AIM OF THE TASK:
With the images removed, return every line below exactly as it reads.

DATASET ENTRIES:
* * * * * * *

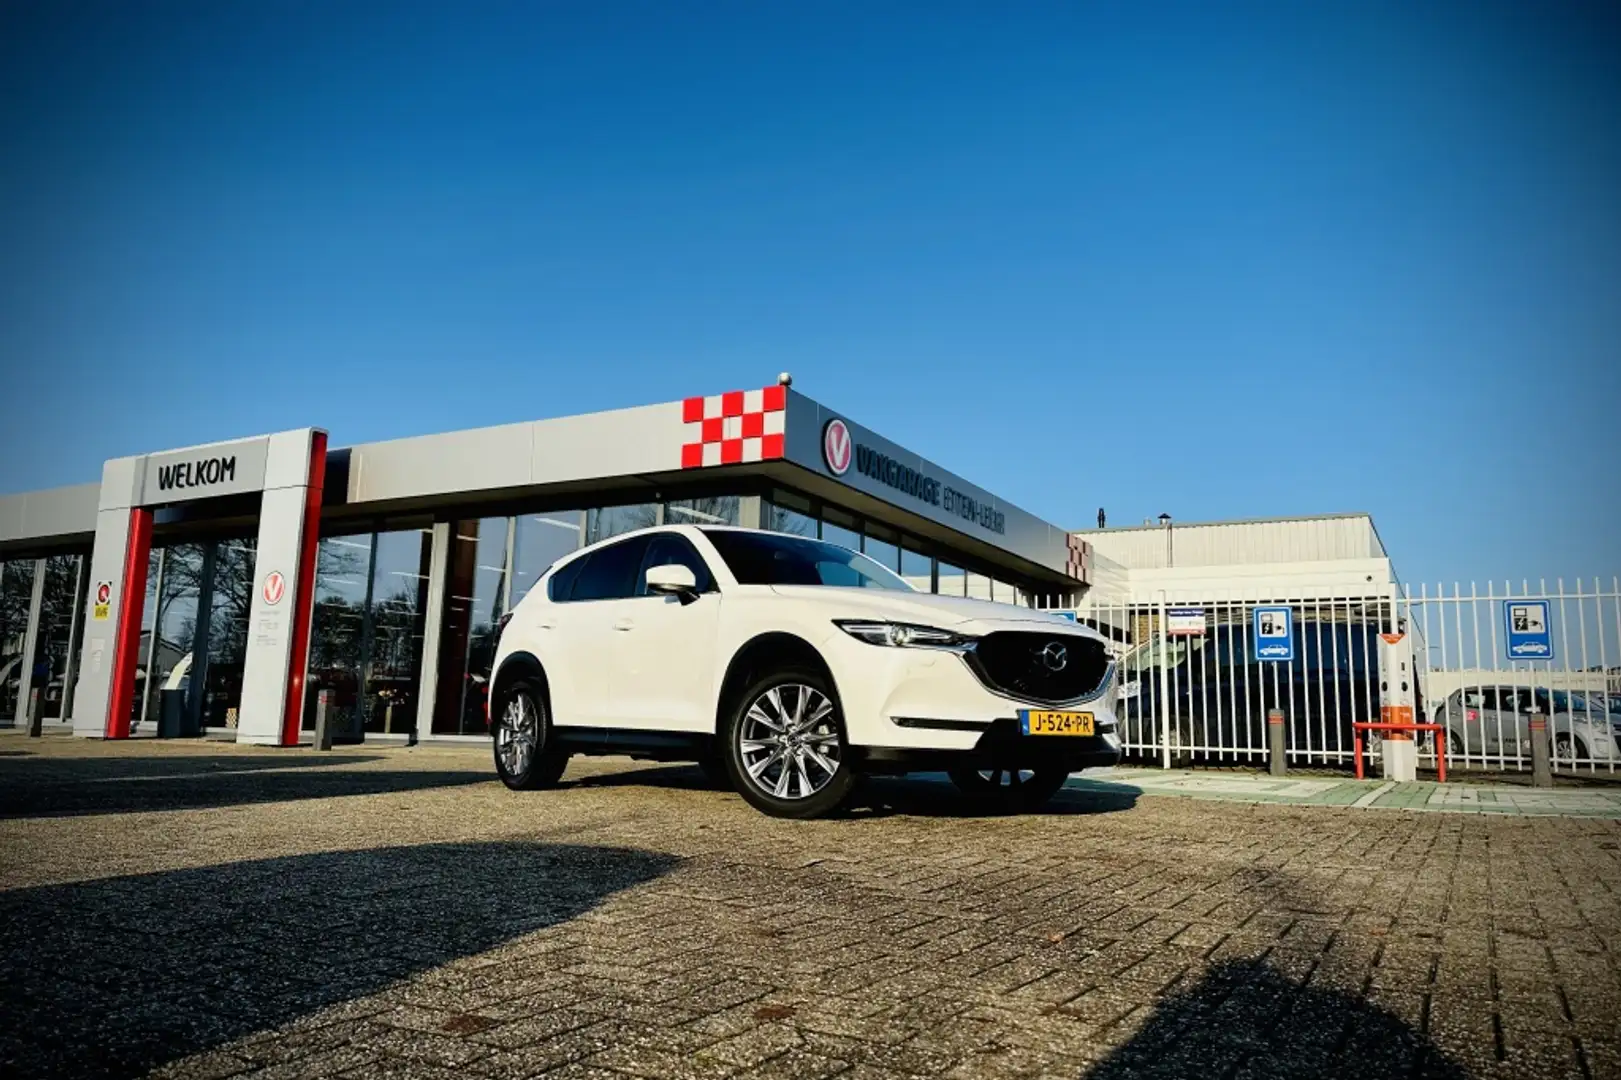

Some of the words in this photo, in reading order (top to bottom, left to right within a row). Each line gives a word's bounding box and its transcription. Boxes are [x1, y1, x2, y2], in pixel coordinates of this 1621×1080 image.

[158, 456, 236, 491] WELKOM
[855, 443, 942, 506] VAKGARAGE
[1035, 713, 1090, 733] J-524-PR
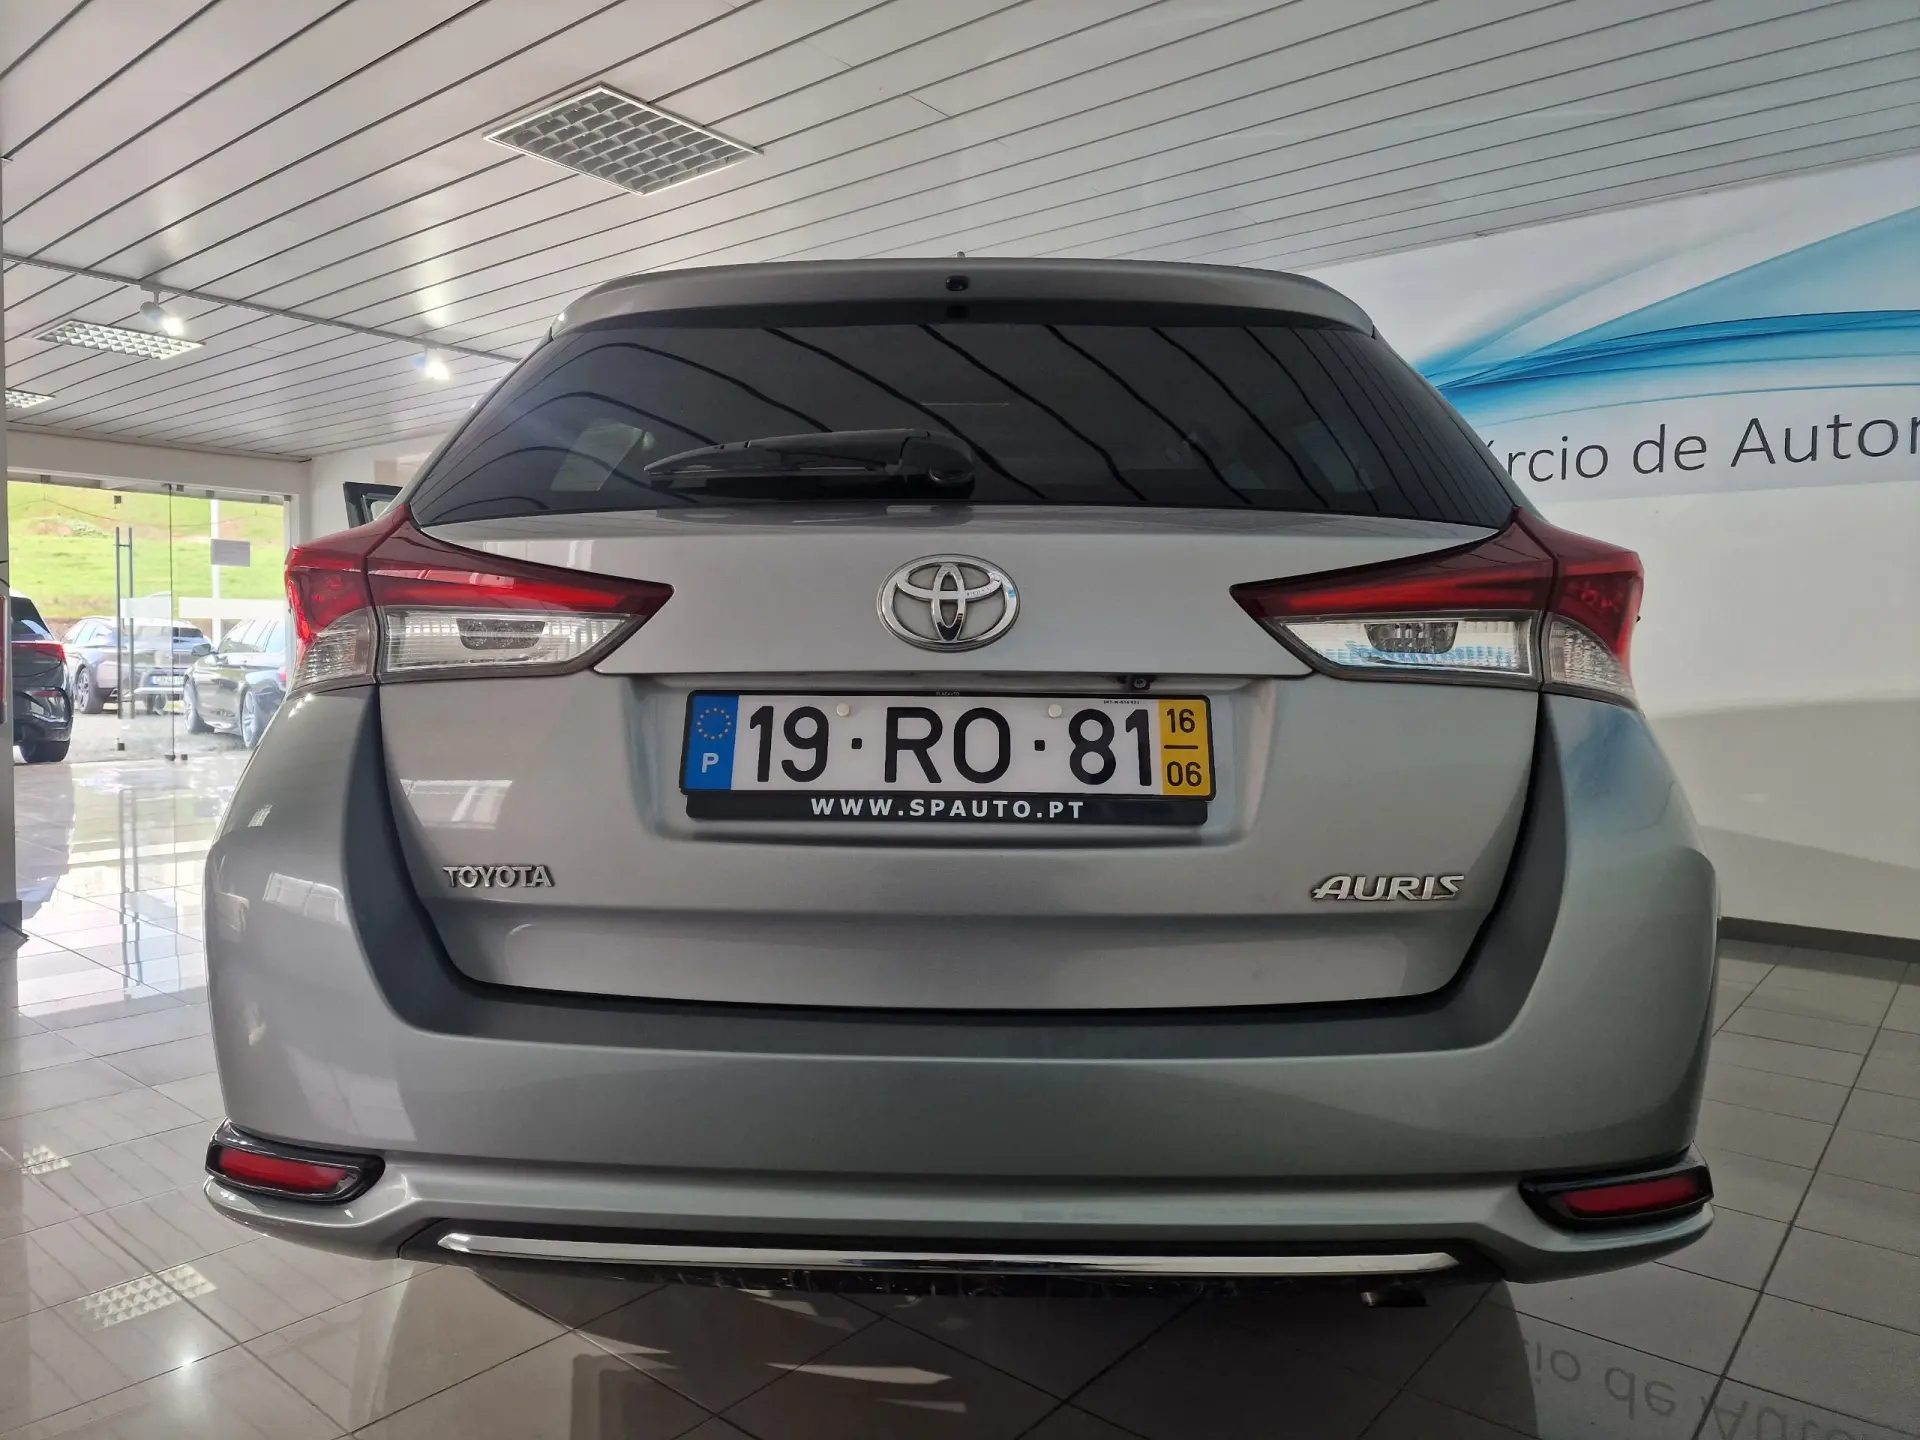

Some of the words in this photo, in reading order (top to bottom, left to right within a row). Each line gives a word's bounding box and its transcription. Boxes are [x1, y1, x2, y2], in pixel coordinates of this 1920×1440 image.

[1487, 435, 1609, 482] rcio
[1632, 423, 1707, 474] de
[1166, 708, 1196, 734] 16
[701, 752, 719, 773] P
[1166, 761, 1203, 787] 06
[810, 797, 1084, 819] WWW.SPAUTO.PT
[442, 865, 554, 888] TOYOTA
[1312, 875, 1465, 901] AURIS
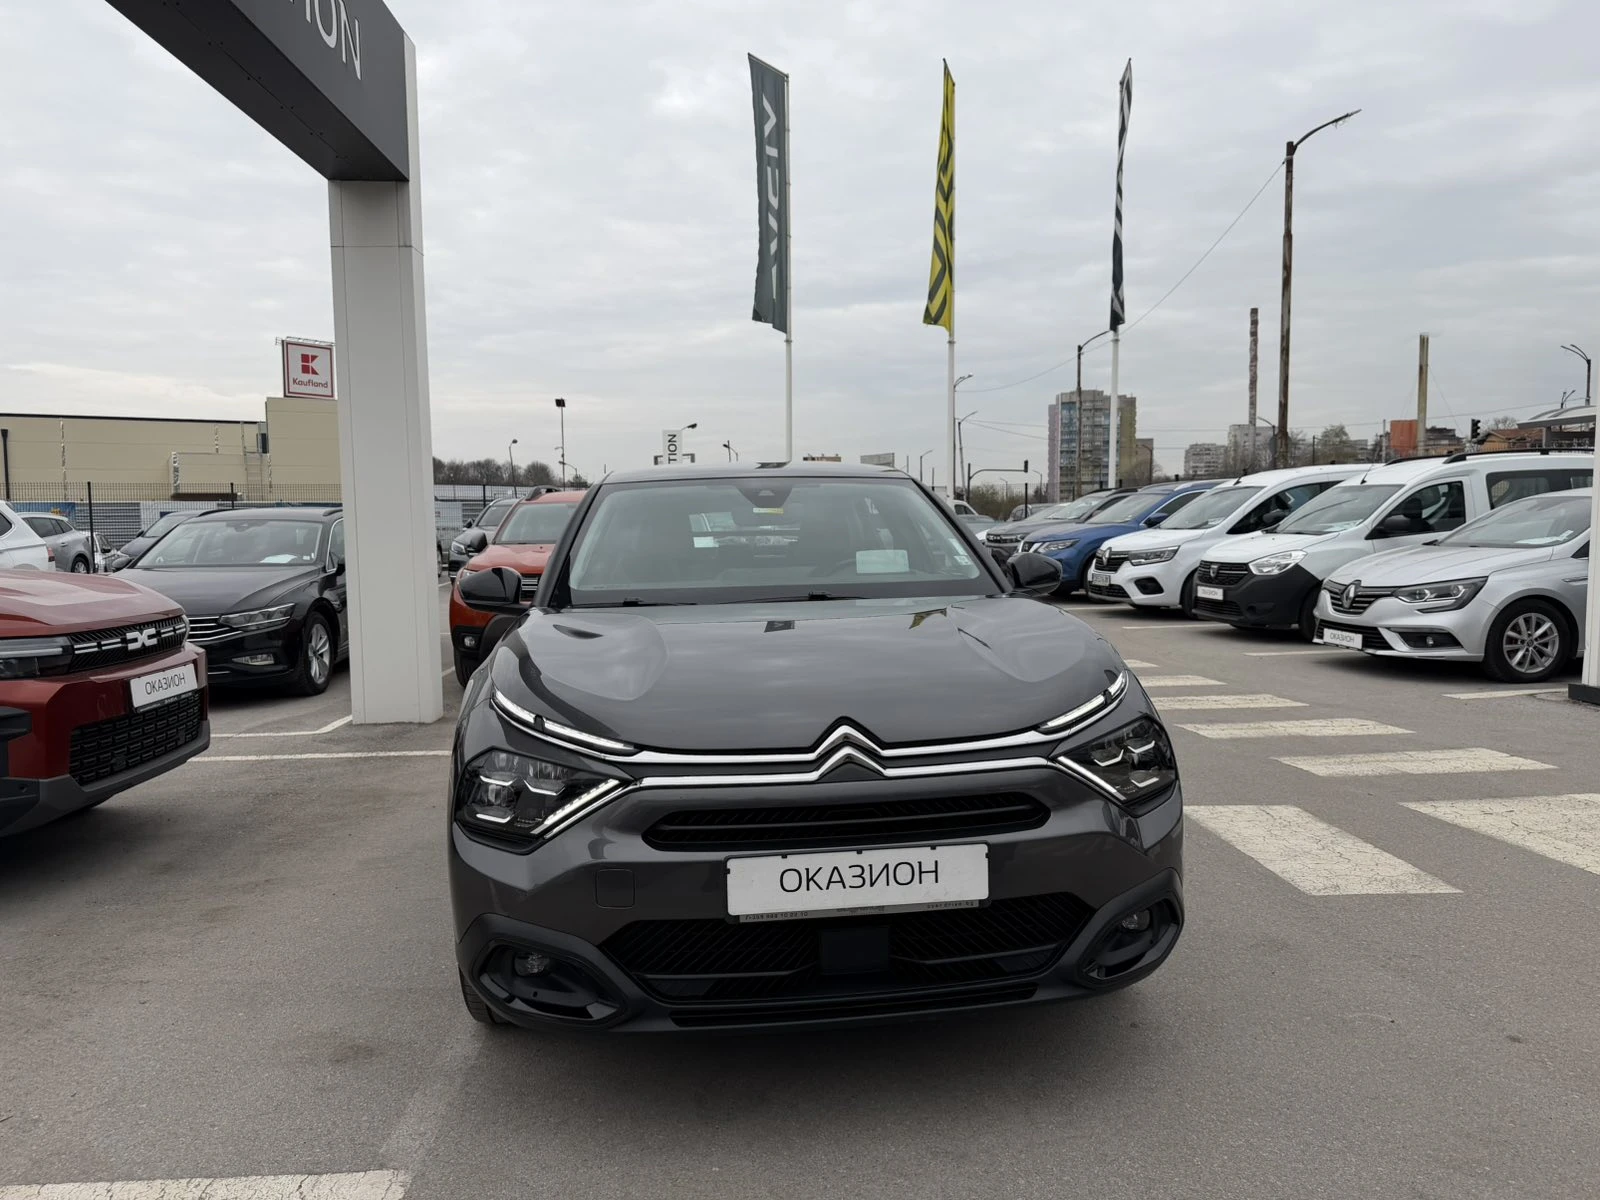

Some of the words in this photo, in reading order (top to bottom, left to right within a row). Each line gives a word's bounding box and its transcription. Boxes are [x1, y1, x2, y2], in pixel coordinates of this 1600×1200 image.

[292, 377, 329, 389] Kaufland
[144, 671, 187, 696] ОКАЗИОН
[779, 859, 940, 893] ОКАЗИОН
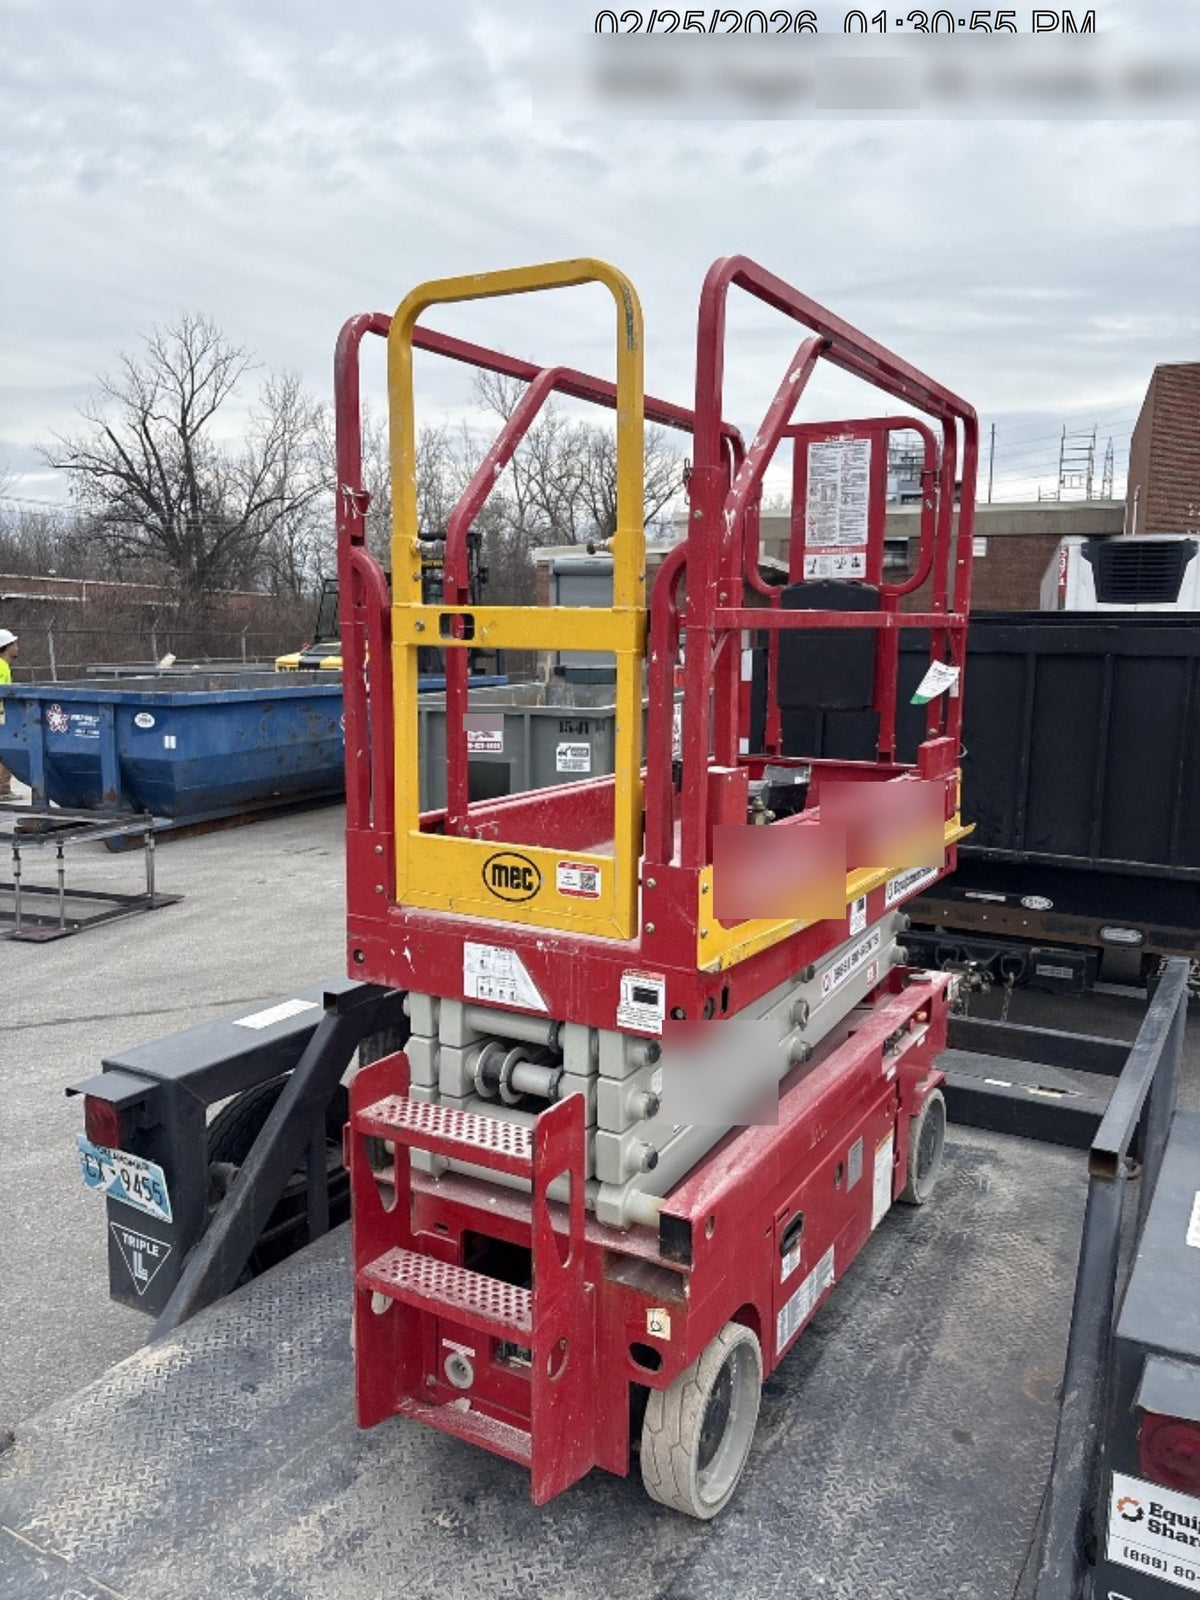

* * * * * * *

ANSWER TO THIS EXERCISE:
Some of the words in this photo, in reading order (top to bottom, left to right within a row). Each line gives a word's bounding box and its transcription. Boxes are [x1, y1, x2, y2], in pixel coordinates of this 1621×1080 image.

[158, 456, 236, 491] WELKOM
[855, 443, 942, 506] VAKGARAGE
[1035, 713, 1090, 733] J-524-PR

Some of the words in this photo, in reading order (top to bottom, left to right within a row). Each line gives a word's bounding box and its transcription. Boxes are [x1, y1, x2, y2], in pixel coordinates of this 1920×1440 image.

[1487, 435, 1609, 482] rcio
[1632, 423, 1707, 474] de
[1166, 708, 1196, 734] 16
[701, 752, 719, 773] P
[1166, 761, 1203, 787] 06
[810, 797, 1084, 819] WWW.SPAUTO.PT
[442, 865, 554, 888] TOYOTA
[1312, 875, 1465, 901] AURIS

Some of the words in this photo, in reading order (top to bottom, left to right within a row). Each line gives a word's bounding box and its transcription. Boxes are [x1, y1, x2, y2], in pixel coordinates of this 1600×1200 image.

[292, 377, 329, 389] Kaufland
[144, 671, 187, 696] ОКАЗИОН
[779, 859, 940, 893] ОКАЗИОН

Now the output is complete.